Tesco reports rise in Q1 sales to £12.4bn


UK supermarket giant Tesco has today reported a 1.3% year-on-year increas in Q1 sales to more than £12.4bn.

This was helped by a significant growth in online demand, with over 1.3 million orders per week. This marks a two-year sales growth of 81.6% and one-year sales growth of 22.2%.

Ken Murphy, Chief Executive of Tesco said: “We delivered a strong performance in the first quarter, even as we lapped the high demand of last year due to the pandemic. We have further strengthened our commitment to delivering consistent, reliable value and to rewarding loyalty, as we extended Clubcard Prices to all Express stores. Our colleagues continue to do a great job serving our customers, and I thank them for everything they’re doing.

“We remain focused on delivering great value, increasing loyalty and further developing our digital platform so we can serve our customers when, how and where they want. Our profit guidance from April remains unchanged. While the market outlook remains uncertain, I’m pleased with the strong start we’ve made to the year and continue to be excited about the many opportunities we have to create value over the longer term.”

The FTSE 100 firm also announced that its customer satisfaction currently remains ahead of the rest of the ‘Big 4’ supermarket chains.
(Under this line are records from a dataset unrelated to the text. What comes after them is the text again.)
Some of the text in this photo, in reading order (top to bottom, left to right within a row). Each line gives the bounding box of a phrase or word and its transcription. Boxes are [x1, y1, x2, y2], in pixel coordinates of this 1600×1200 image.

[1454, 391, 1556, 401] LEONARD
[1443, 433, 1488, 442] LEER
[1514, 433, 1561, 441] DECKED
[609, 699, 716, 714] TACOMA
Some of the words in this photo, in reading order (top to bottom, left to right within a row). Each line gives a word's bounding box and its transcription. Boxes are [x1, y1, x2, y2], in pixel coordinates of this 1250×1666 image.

There was a total of 0.5% growth in the UK (75% of total sales) and 9.2% growth in Wholesale business Booker (13% of sales), offset declines in the Republic of Ireland and Central Europe.
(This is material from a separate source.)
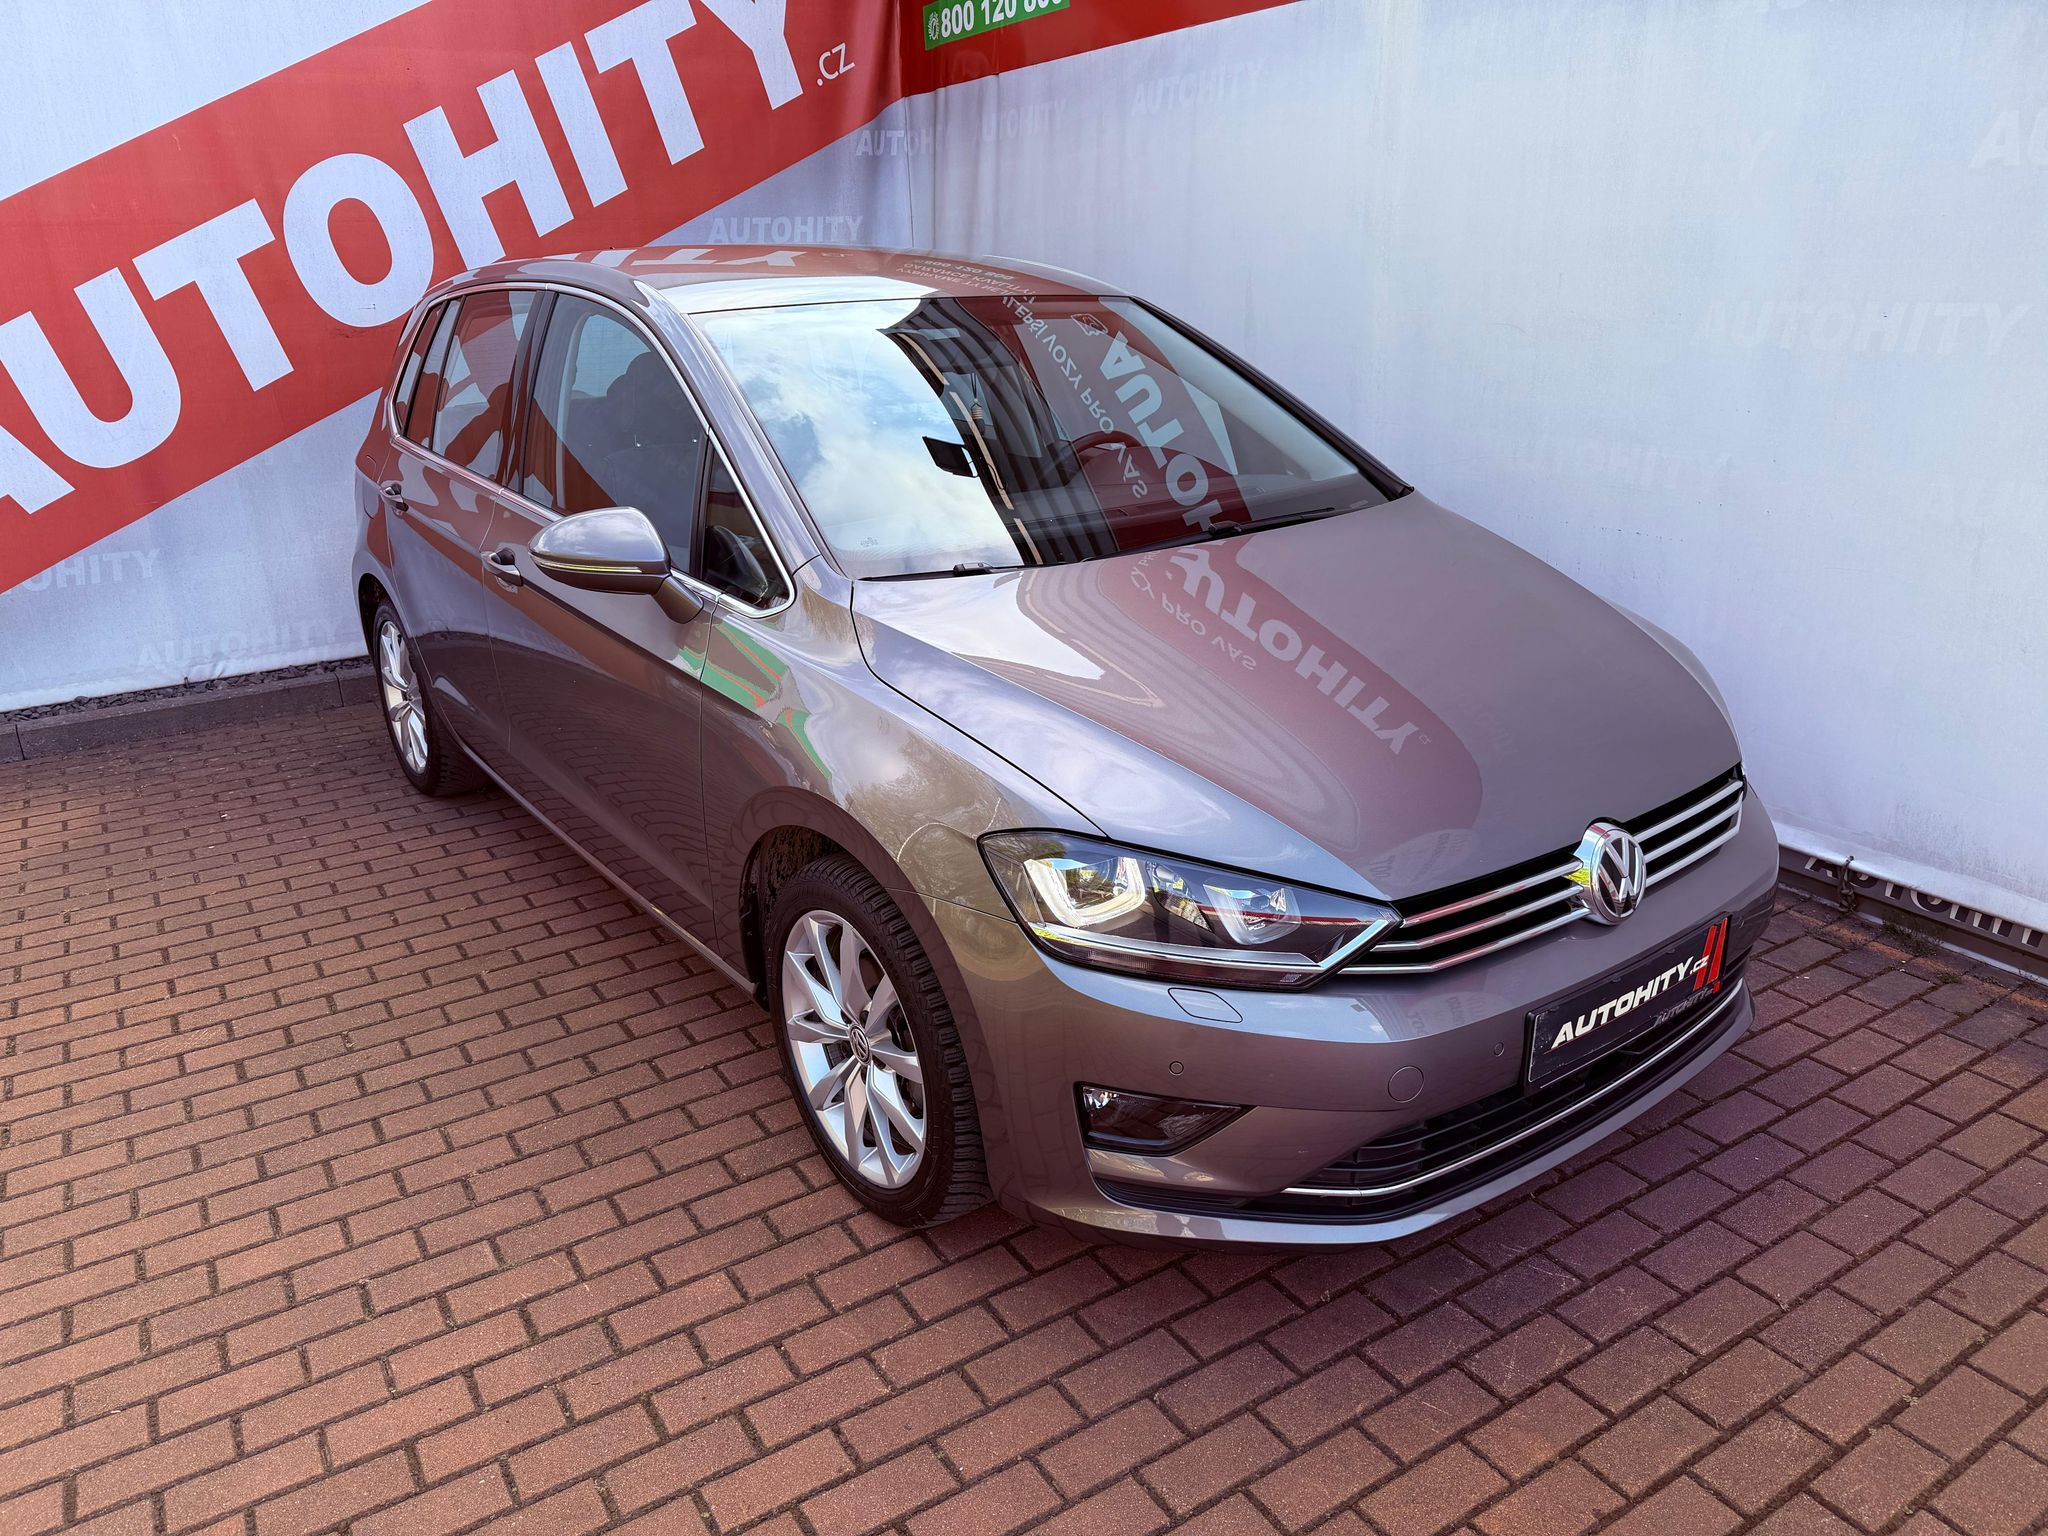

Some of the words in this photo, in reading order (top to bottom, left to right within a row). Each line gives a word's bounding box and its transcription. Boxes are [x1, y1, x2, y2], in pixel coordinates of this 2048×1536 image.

[941, 3, 975, 38] 800
[981, 0, 1017, 25] 120
[707, 215, 864, 244] AUTOHITY
[1693, 300, 2038, 357] AUTOHITY
In the UK, online sales grew 22.2% on last year. General Merchandise and Clothing LFLs rose 10.3% and 52.1% respectively.Tesco Bank sales fell 10%.

The shares were unmoved following the announcement.

Industry reaction

Sophie Lund-Yates, equity analyst at Hargreaves Lansdown said: “Tesco’s first quarter numbers look sluggish, but that’s because they’re lapping the unprecedented demand triggered by the pandemic this time last year. While Tesco might be catching its breath as it crosses the finish line, the work doesn’t stop there. As we know, Covid has massively accelerated the shift to online, and digital demand is going to remain heightened. Tesco has done an amazing job of ramping up digital capacity, and is outshining some peers. Keeping hold of that momentum will require a near perfect execution of its attempts to build scale.
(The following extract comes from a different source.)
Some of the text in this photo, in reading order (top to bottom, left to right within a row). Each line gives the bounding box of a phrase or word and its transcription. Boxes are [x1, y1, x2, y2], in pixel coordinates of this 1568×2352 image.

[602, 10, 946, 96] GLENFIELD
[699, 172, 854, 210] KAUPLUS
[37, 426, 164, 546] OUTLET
“There’s a wider read across from these results too – General Merchandise and Clothing seem to be faring very well, albeit they’re starting from a much lower base after the pandemic slashed demand last year. It seems people’s spending patterns are normalising, and not necessarily reining in expenditure despite lingering economic uncertainty. The shakedown in consumer habits hasn’t finished yet, but this early indication could have positive connotations for other retailers.”

James Andrews, senior personal finance expert at money.co.uk, said: “While supermarkets remained a mainstay during the pandemic – it’s not been without substantial expense. However, Tescos resilience despite the high cost of meeting coronavirus requirements is impressive. It’s also shown how sharp increases in online ordering (+22.2%) have affected its business model – with part of that 0.5% spent on new slots and capacity added.

“The outlook statement highlights that Tesco is in no real danger as they continue to maintain their performance on top of last years exceptional sales. However, how they weather the future of the pandemic and lockdown easing will give a clearer indication of where Tesco can compete among other retailers in the market.

“The retailer is also alive to changing shopping habits, with more people doing larger weekly shops – either online or in-store – and fewer customers popping in on the way to or from work as offices closed and flexible working increased.

“Changes announced already include the decision to re-brand all its ‘Metro’ stores as either ‘Express’ or ‘Superstores’ to better reflect how customers use them.

“With fuel sales expected to rise, we can expect a continued strong performance from its larger stores – but competition from budget competitors such as Aldi and Lidl hasn’t disappeared. The following year will be one to watch to see how the company reacts to society opening up, as well as how effective its new price-matching schemes will be.”